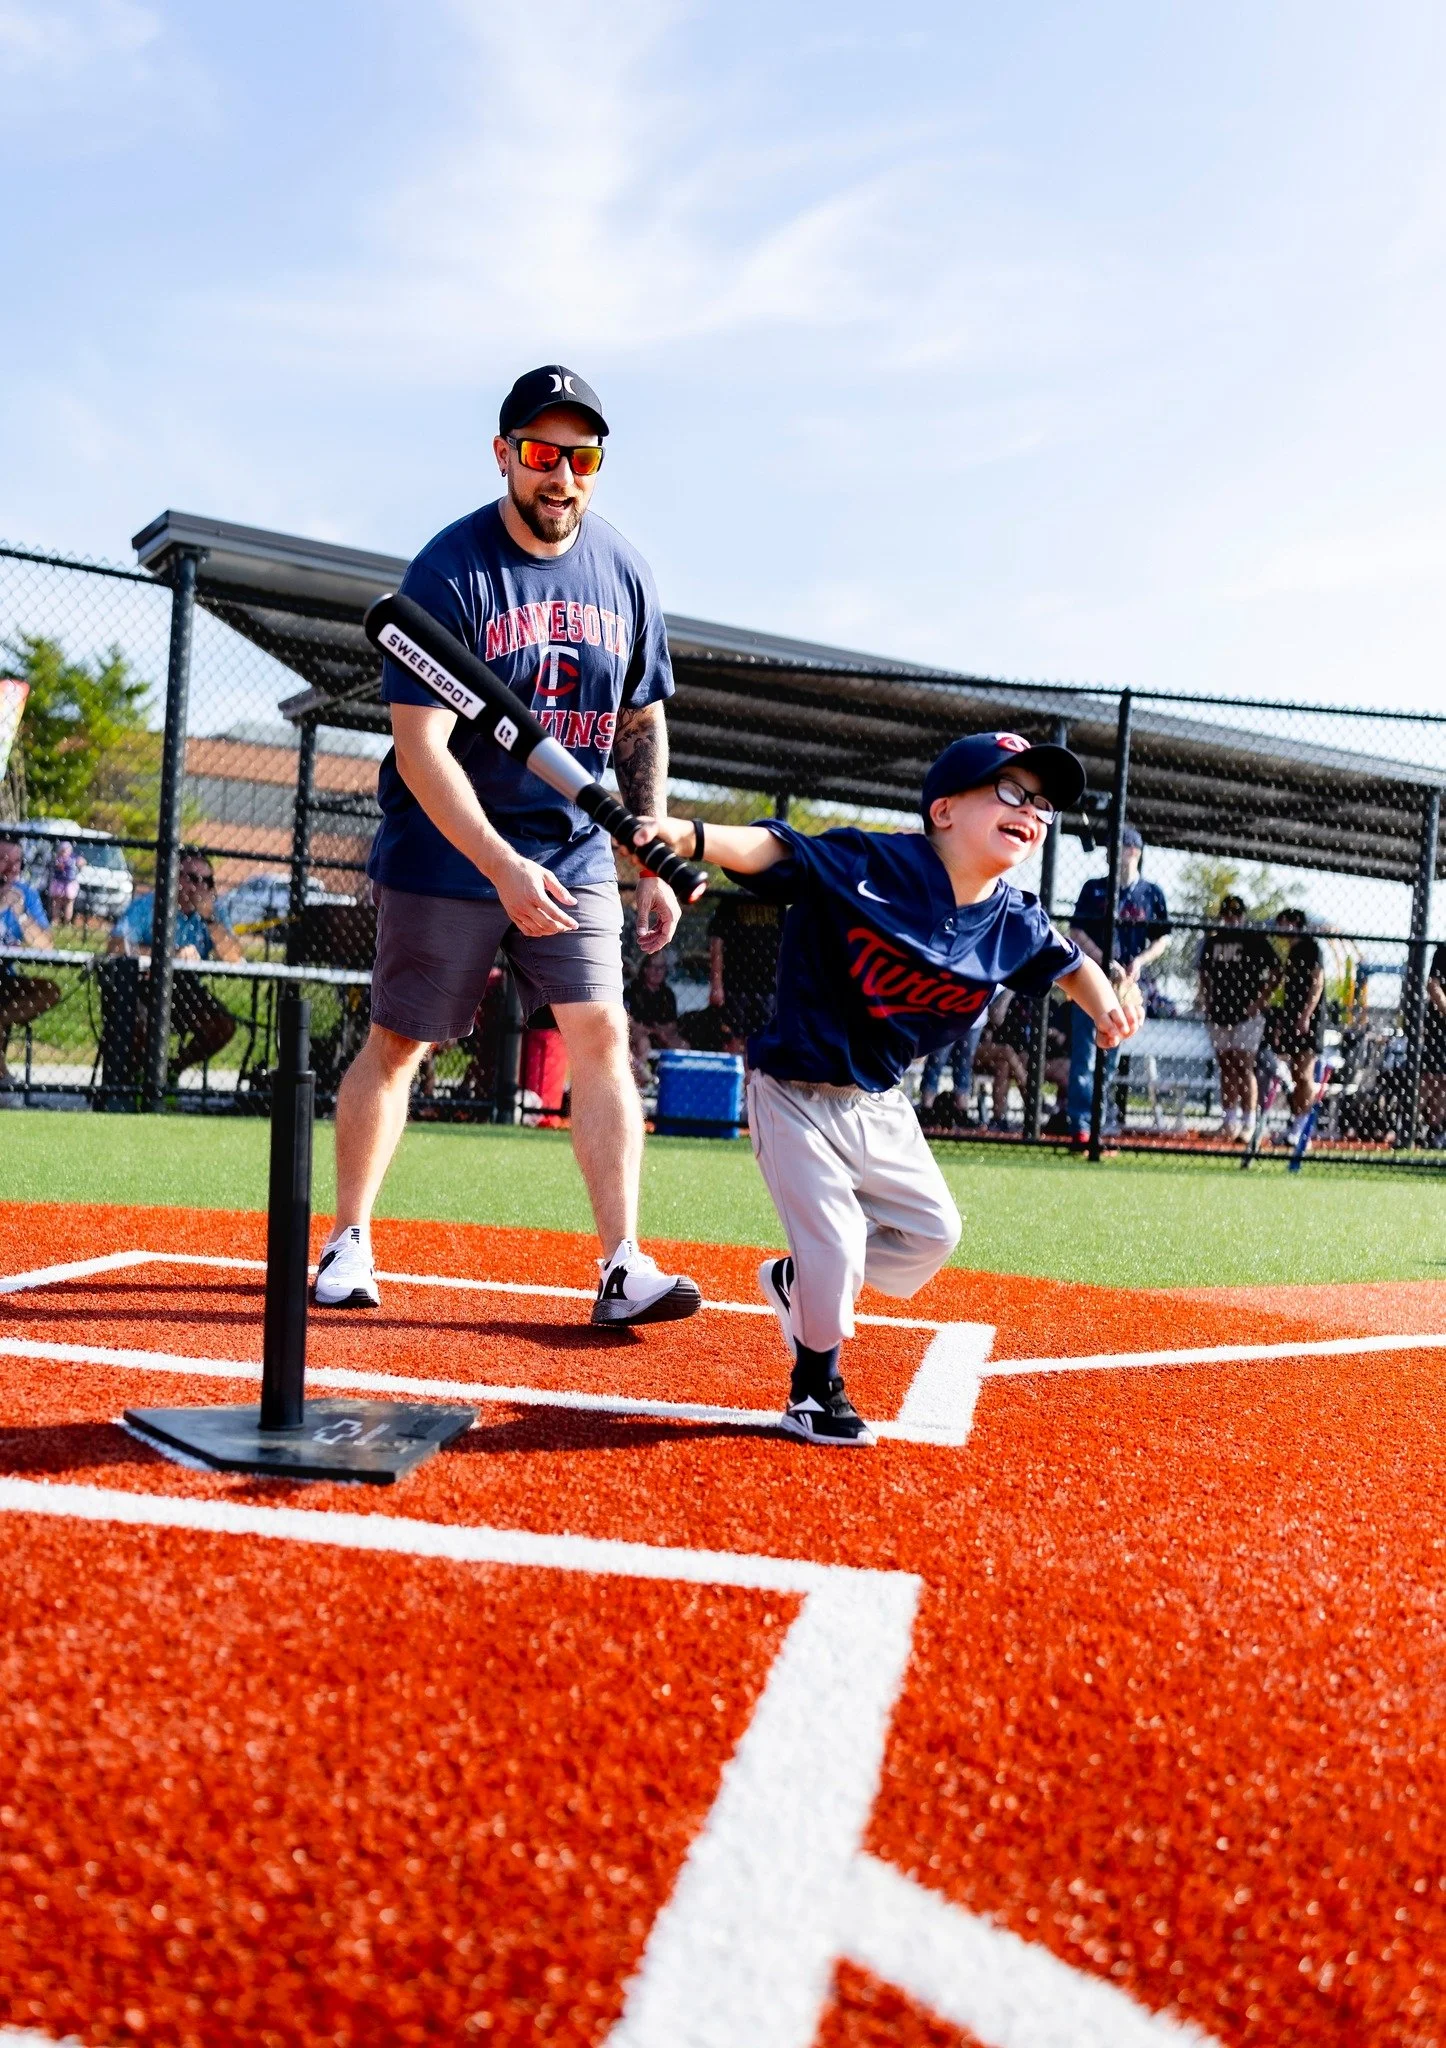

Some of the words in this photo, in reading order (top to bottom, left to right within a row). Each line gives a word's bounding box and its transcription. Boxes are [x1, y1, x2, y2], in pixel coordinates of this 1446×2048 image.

[387, 632, 474, 709] SWEETSPOT
[529, 709, 617, 750] INS
[847, 927, 990, 1018] Twins
[350, 1228, 360, 1244] PU
★ ★ ★ ★ ★
■ EXERCISE DIRECTIONS
Make an exact printout of the listing above, omitting the images.

■ FINISHED TASK
Some of the words in this photo, in reading order (top to bottom, left to right within a row). Each line gives a word's bounding box and its transcription. Boxes are [x1, y1, x2, y2], in pixel coordinates of this 1446×2048 image.

[387, 632, 474, 709] SWEETSPOT
[529, 709, 617, 750] INS
[847, 927, 990, 1018] Twins
[350, 1228, 360, 1244] PU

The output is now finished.